Un peu partout au Québec, des chercheurs se penchent sur l’actuelle transition énergétique. Entretien avec René Audet, titulaire de la Chaire de recherche sur la transition écologique et professeur au département de stratégie, responsabilité sociale et environnementale de l’Université du Québec à Montréal (UQAM).

Vous étudiez la sociologie de l’environnement, le discours environnemental et la transition écologique. Pourriez-vous nous parler de vos recherches ?

Dans le discours du Québec, on va toujours trouver des contradictions. Dans l’histoire, il y a eu une émergence du discours sur la conservation : une préservation très stricte, ceux qui voulaient gérer de manière rationnelle les ressources. Puis, dans les années 1960-1970, où il y a eu institutionnalisation de la question environnementale, la discussion est devenue plus politique. Certains disent que le productivisme est responsable, d’autres voient les institutions comme la solution..., ce qui a mené à la création du ministère de l’Environnement et du BAPE [Bureau d’audiences publiques sur l’environnement]. L’analyse du discours, dans l’ensemble, permet de montrer les tensions dans la manière de comprendre l’environnement en tant que société.

Pour la transition, quel serait un chemin réaliste à emprunter ?

La question est hypercomplexe. Les objectifs utilisés varient. L’Accord de Paris met surtout l’accent sur le CO2, donc on met en place des politiques publiques. On a créé par exemple le marché du carbone. Là, on se lance dans la filière batterie par souci de compétitivité. Cette idée d’économie verte, d’attirer les industries, c’est très présent chez nous. Des fois, on a un croisement entre ça et la volonté de croissance. Mais on est encore dans un paradigme qui ne remet pas en question le productivisme, ce qui peut être inquiétant.

Vous considérez que les villes tiennent un rôle dans cette mouvance. Pourquoi ?
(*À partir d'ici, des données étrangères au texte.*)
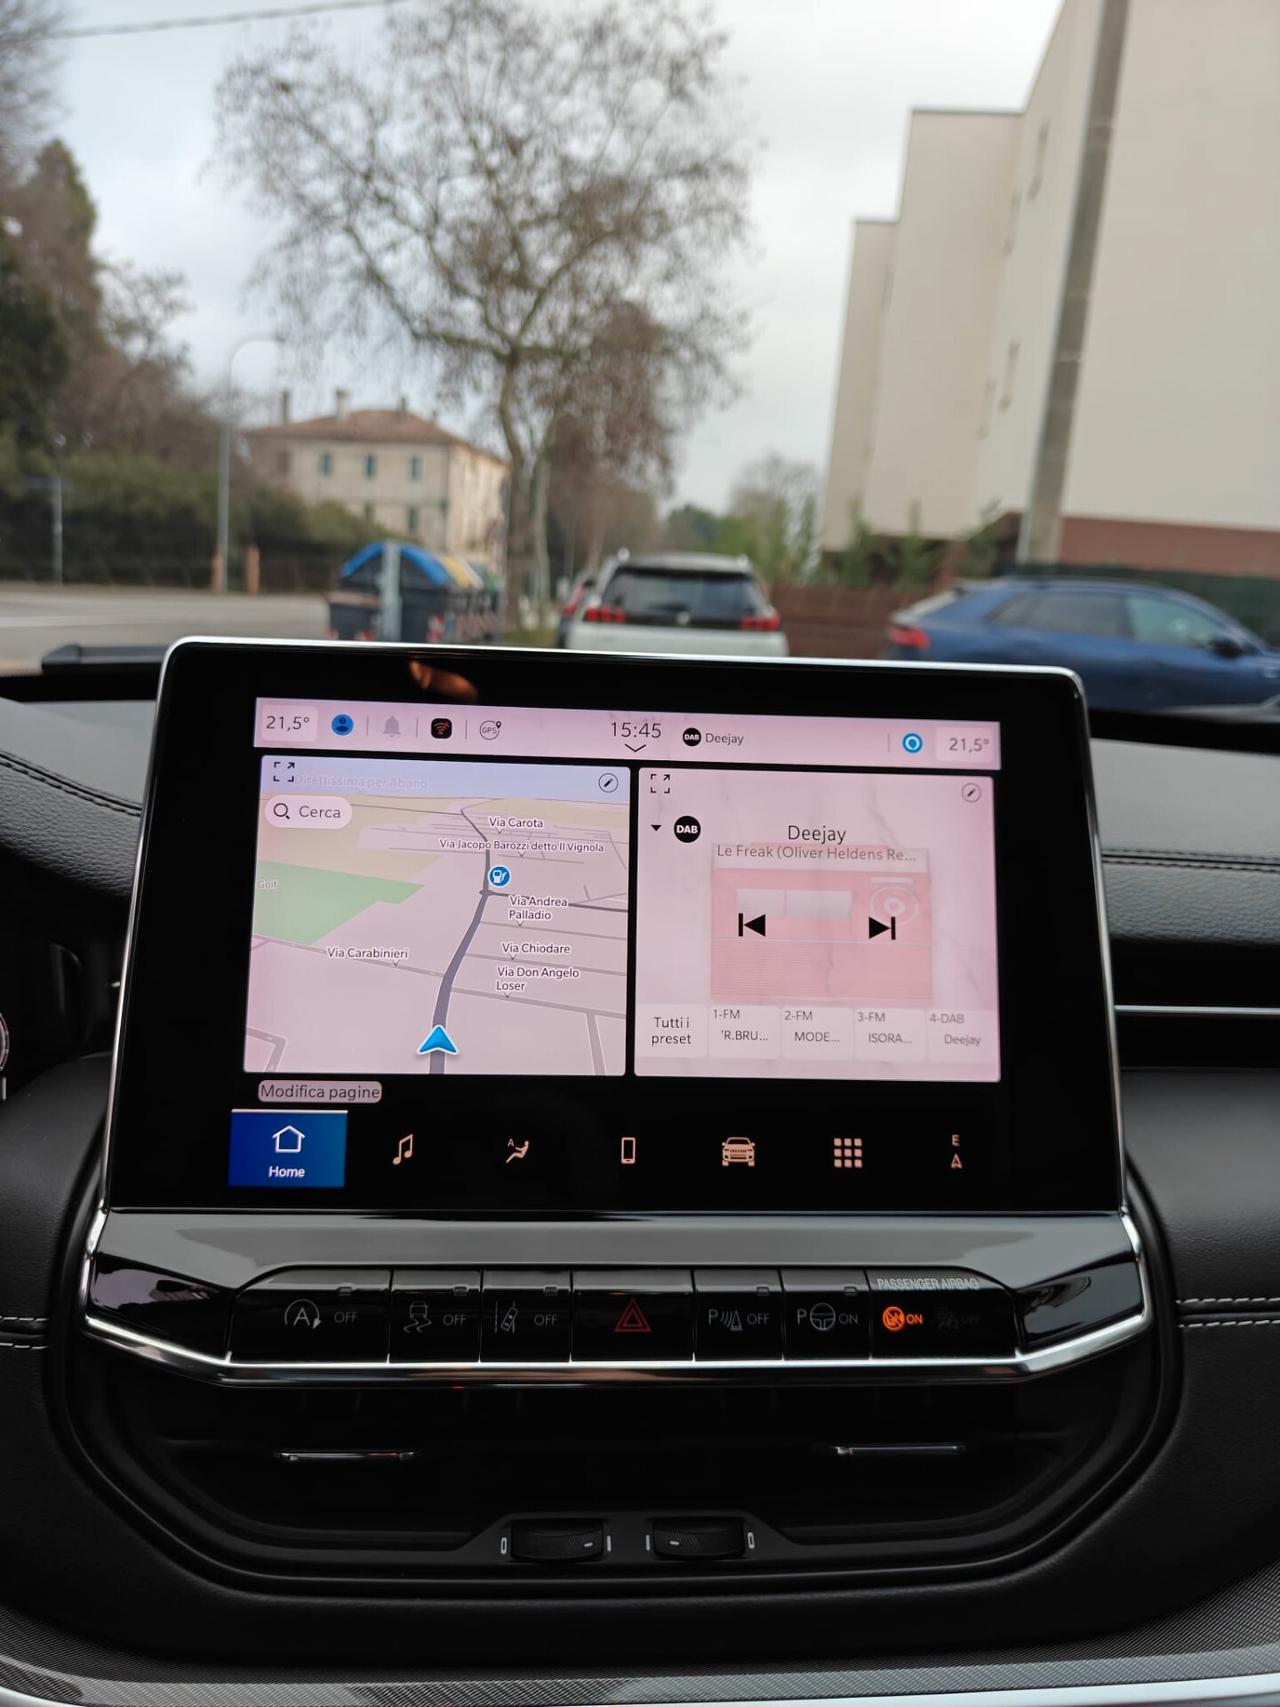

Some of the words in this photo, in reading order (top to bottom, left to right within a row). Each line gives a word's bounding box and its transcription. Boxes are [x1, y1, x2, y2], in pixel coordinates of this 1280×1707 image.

[266, 715, 310, 730] 21,5°
[482, 726, 497, 734] GPS
[611, 722, 662, 739] 15:45
[683, 733, 700, 741] DAB
[705, 733, 744, 745] Deejay
[948, 737, 989, 752] 21,5°
[299, 806, 341, 819] Cerca
[489, 817, 505, 828] Via
[508, 817, 544, 829] Carota
[675, 825, 698, 834] DAB
[788, 825, 846, 845] Deejay
[440, 839, 454, 849] Via
[456, 840, 491, 852] Jacopo
[494, 841, 528, 851] Barozzi
[531, 841, 557, 852] detto
[567, 842, 604, 855] Vignola
[717, 845, 733, 857] Le
[736, 845, 773, 858] Freak
[777, 845, 822, 860] (Oliver
[827, 847, 883, 861] Heldens
[257, 879, 277, 889] Golf
[510, 896, 525, 907] Via
[526, 896, 567, 908] Andrea
[509, 909, 552, 921] Palladio
[327, 948, 344, 959] Via
[347, 948, 408, 960] Carabinieri
[502, 942, 518, 953] Via
[521, 943, 570, 955] Chiodare
[497, 967, 513, 977] Via
[517, 967, 537, 978] Don
[540, 967, 579, 980] Angelo
[496, 981, 525, 992] Loser
[713, 1009, 740, 1020] 1-FM
[785, 1010, 813, 1021] 2-FM
[857, 1011, 885, 1023] 3-FM
[929, 1013, 965, 1024] 4-DAB
[653, 1016, 683, 1029] Tutti
[651, 1032, 692, 1047] preset
[944, 1034, 981, 1047] Deejay
[260, 1084, 325, 1098] Modifica
[329, 1086, 380, 1101] pagine
[268, 1166, 305, 1178] Home
[877, 1278, 938, 1290] PASSENGER
[941, 1278, 979, 1290] AIRBAG
[334, 1311, 358, 1324] OFF
[443, 1314, 467, 1326] OFF
[534, 1314, 558, 1326] OFF
[709, 1309, 718, 1322] P
[747, 1313, 770, 1325] OFF
[797, 1309, 807, 1323] P
[839, 1313, 858, 1325] ON
[906, 1313, 923, 1325] ON
Il y a un mouvement qu’on voit naître à Montréal. C’est passé d’une série de petits projets locaux comme le verdissement des quartiers, le partage d’objets et de voitures, et c’est maintenant en train de se constituer avec des associations plus grandes : monde municipal, syndicats... Tout ce monde-là est en train de réfléchir sur les quartiers, sur les transports. On peut notamment parler de l’alliance Transition en commun, qui a une vision différente axée sur des objectifs de justice sociale. Le mouvement n’est pas très marginal, il est en train de se constituer, et la Ville de Montréal participe.
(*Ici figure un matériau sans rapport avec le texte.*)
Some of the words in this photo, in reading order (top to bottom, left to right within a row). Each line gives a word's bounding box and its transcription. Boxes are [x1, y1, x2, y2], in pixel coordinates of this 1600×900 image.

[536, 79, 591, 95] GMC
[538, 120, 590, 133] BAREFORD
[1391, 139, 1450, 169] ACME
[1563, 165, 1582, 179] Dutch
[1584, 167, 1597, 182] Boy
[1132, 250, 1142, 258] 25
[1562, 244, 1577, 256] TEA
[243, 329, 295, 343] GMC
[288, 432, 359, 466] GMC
Qu’aimeriez-vous que le grand public comprenne sur la transition écologique ?

C’est une question très grave, du jamais-vu pour l’humanité, mais l’environnement n’est qu’une partie du problème. C’est peut-être néfaste d’isoler la question du climat des autres. Et autrement, ce qu’on va réussir dans les pays riches, comment on va le faire dans les pays pauvres ? Ça fait aussi partie de notre avenir.
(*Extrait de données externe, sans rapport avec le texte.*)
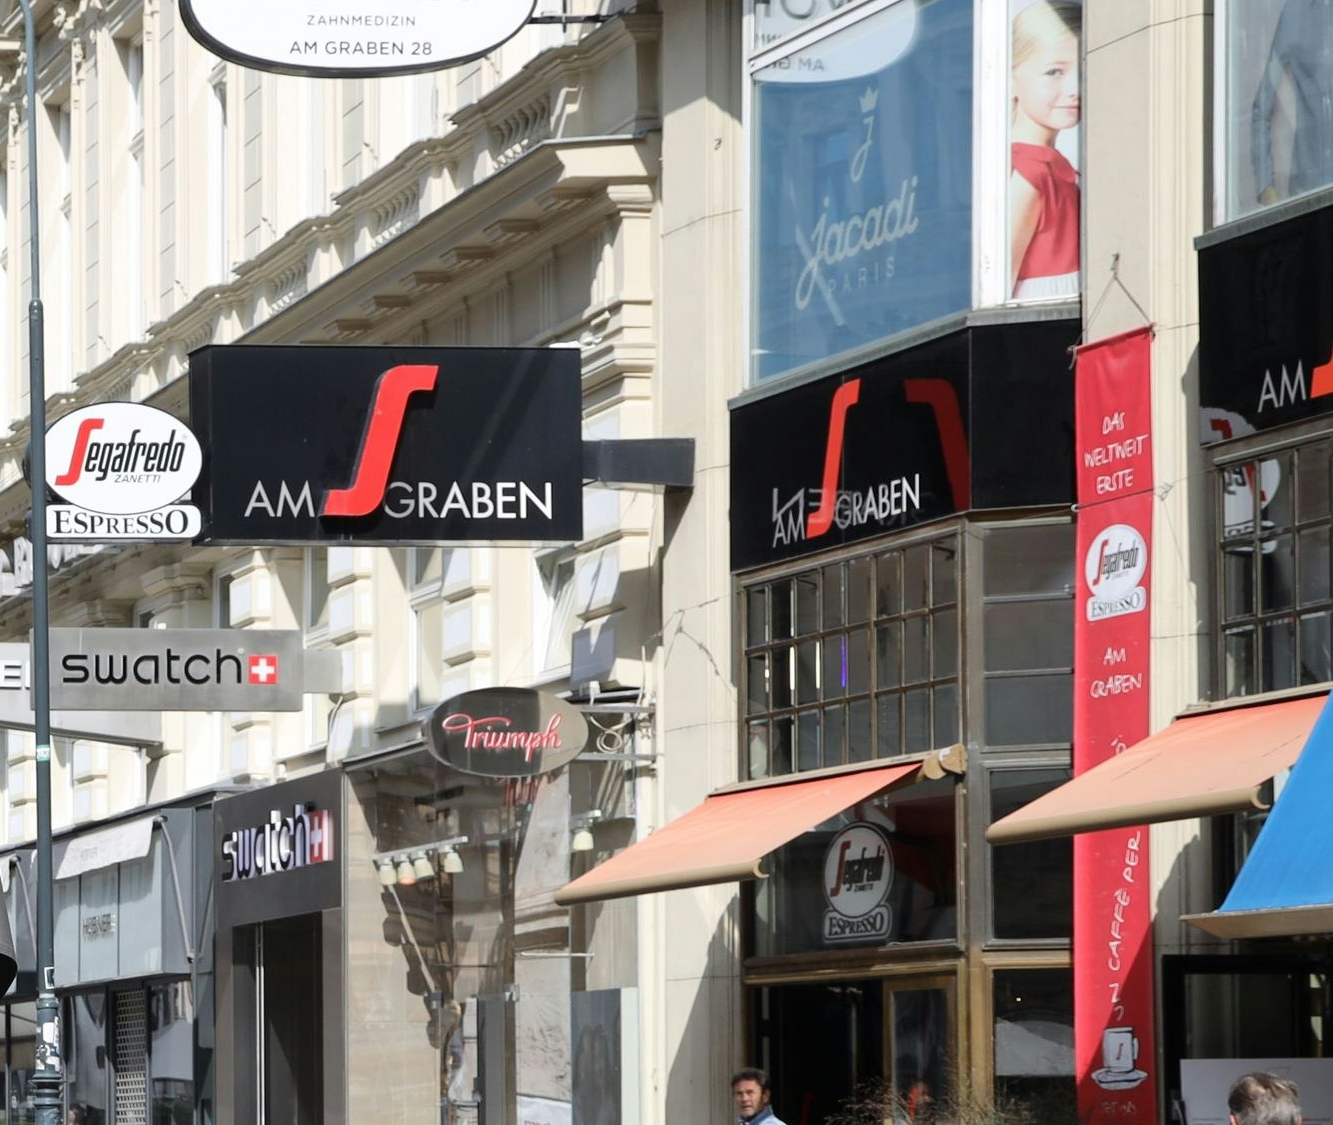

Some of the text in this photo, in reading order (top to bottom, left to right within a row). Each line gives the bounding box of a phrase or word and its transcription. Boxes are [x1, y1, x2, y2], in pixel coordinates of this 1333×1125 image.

Qu’espérez-vous voir dans un avenir relativement rapproché ?

J’aimerais une grande discussion à l’échelle nationale au Québec. On a besoin d’organiser une conversation, il faut arrêter de prendre des décisions structurantes pour l’avenir de la société sans consulter la population. Je trouve qu’on est dans un moment charnière de l’histoire : le gouvernement voit la croissance et le confort matériel, mais le confort matériel contribue à la crise et se fait au détriment d’autres populations. Ça prendrait quelque chose d’historique, sur une ou deux années. Mais pour ça, ça prend un leader qui va utiliser de son capital politique.